SLC26A3 and SLC26A6 are closely related bona fide Cl/HCO3 exchangers that contribute in the intestine to bicarbonate secretion mainly in the duodenum and NaCl absorption mainly in the colon. Both SLC26A3 and SLC26A6 were shown in model systems to be functionally and maybe also structurally coupled to CFTR or NHE3 respectively, but these interactions have not been studied in vivo. Furthermore, such interactions may be dynamically regulated if SLC26A3/A6 as well as NHE3 and CFTR are present within the same cell. Fluid secretion and absorption vary in the duodenum and colon several times a day along the fasting/feeding cycle (prandial, post-prandial and interprandial phases), but the corresponding common regulation of the transporters involved – including both their functional and their structural coupling – are not known. We will elucidate regulation of SLC26A3 and SLC26A6 in their interaction with CFTR or NHE3 along the fasting/feeding cycle on the cellular and molecular level.

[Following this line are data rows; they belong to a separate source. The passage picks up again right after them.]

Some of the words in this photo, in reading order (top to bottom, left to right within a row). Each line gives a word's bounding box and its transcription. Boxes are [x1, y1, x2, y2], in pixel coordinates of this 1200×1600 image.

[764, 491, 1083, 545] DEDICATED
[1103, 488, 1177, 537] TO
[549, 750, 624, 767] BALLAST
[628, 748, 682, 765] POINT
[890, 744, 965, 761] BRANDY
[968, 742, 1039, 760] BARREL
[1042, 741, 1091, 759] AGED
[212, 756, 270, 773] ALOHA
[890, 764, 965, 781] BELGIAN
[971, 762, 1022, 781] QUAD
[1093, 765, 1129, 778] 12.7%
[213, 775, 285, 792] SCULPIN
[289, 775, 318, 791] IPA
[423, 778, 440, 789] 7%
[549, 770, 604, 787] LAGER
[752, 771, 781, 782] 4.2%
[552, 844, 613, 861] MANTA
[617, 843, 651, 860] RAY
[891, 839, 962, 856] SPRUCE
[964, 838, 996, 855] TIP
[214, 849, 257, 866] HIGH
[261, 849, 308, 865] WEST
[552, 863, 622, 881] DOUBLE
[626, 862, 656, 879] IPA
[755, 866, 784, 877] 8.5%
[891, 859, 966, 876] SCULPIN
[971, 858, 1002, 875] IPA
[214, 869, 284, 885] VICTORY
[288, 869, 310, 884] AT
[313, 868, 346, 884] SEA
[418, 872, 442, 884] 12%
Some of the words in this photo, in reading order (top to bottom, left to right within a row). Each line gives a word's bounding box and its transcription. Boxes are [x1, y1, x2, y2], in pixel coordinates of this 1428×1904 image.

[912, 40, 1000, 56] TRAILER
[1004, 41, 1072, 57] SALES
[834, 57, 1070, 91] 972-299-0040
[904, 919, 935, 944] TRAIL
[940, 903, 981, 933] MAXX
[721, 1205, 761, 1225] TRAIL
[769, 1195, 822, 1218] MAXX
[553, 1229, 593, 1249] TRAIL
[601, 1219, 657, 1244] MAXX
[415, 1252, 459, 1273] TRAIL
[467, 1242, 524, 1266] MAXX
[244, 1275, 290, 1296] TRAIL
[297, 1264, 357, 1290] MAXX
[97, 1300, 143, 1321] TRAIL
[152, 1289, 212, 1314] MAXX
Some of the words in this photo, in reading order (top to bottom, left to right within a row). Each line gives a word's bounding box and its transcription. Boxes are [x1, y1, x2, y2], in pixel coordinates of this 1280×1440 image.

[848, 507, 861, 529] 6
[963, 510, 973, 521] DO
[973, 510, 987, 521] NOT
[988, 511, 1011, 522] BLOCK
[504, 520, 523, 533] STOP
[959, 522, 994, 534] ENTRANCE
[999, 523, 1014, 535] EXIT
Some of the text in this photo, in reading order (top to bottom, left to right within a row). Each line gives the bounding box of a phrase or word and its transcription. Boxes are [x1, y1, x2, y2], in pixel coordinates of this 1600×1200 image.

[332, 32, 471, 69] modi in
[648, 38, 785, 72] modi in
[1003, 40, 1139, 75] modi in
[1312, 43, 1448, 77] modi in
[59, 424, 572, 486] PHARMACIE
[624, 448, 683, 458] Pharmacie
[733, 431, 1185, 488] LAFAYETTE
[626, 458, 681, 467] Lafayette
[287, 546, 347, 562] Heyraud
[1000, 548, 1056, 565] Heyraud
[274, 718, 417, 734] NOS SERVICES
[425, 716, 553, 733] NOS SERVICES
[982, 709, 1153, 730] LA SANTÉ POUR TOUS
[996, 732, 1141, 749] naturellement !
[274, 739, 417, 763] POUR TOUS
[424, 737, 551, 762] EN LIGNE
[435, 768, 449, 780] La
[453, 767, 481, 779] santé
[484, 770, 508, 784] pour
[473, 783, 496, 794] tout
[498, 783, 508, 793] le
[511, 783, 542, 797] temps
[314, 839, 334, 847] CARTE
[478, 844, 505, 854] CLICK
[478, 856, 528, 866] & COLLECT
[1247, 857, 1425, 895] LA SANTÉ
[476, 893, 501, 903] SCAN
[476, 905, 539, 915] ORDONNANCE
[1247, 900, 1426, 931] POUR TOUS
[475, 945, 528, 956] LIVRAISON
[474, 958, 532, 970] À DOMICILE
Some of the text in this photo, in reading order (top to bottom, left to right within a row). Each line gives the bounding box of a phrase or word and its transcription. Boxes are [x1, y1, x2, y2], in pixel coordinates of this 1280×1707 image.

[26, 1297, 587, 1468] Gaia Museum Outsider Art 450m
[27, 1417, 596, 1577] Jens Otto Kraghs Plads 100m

Building on our common expertise and data obtained in the first funding period, we will use human biopsies, a mouse model of fasting/feeding, and human duodenal and colonic organoids, which are differentiated to model crypt or surface cells and are responsive to extracellular signals of the fasting/feeding cycle (Polypeptide YY/Neuropeptide Y, glucose, luminal acid exposure, lysophosphatidic acid). We will also use transfected cells to further characterize and manipulate molecular interactions, including the presence in common multiprotein complexes, the role of PDZ interactions and of lipid rafts. We anticipate to develop a comprehensive picture of how SLC26A3/A6 dependent apical transport processes are regulated along the fasting/feeding cycle in the duodenum and colon.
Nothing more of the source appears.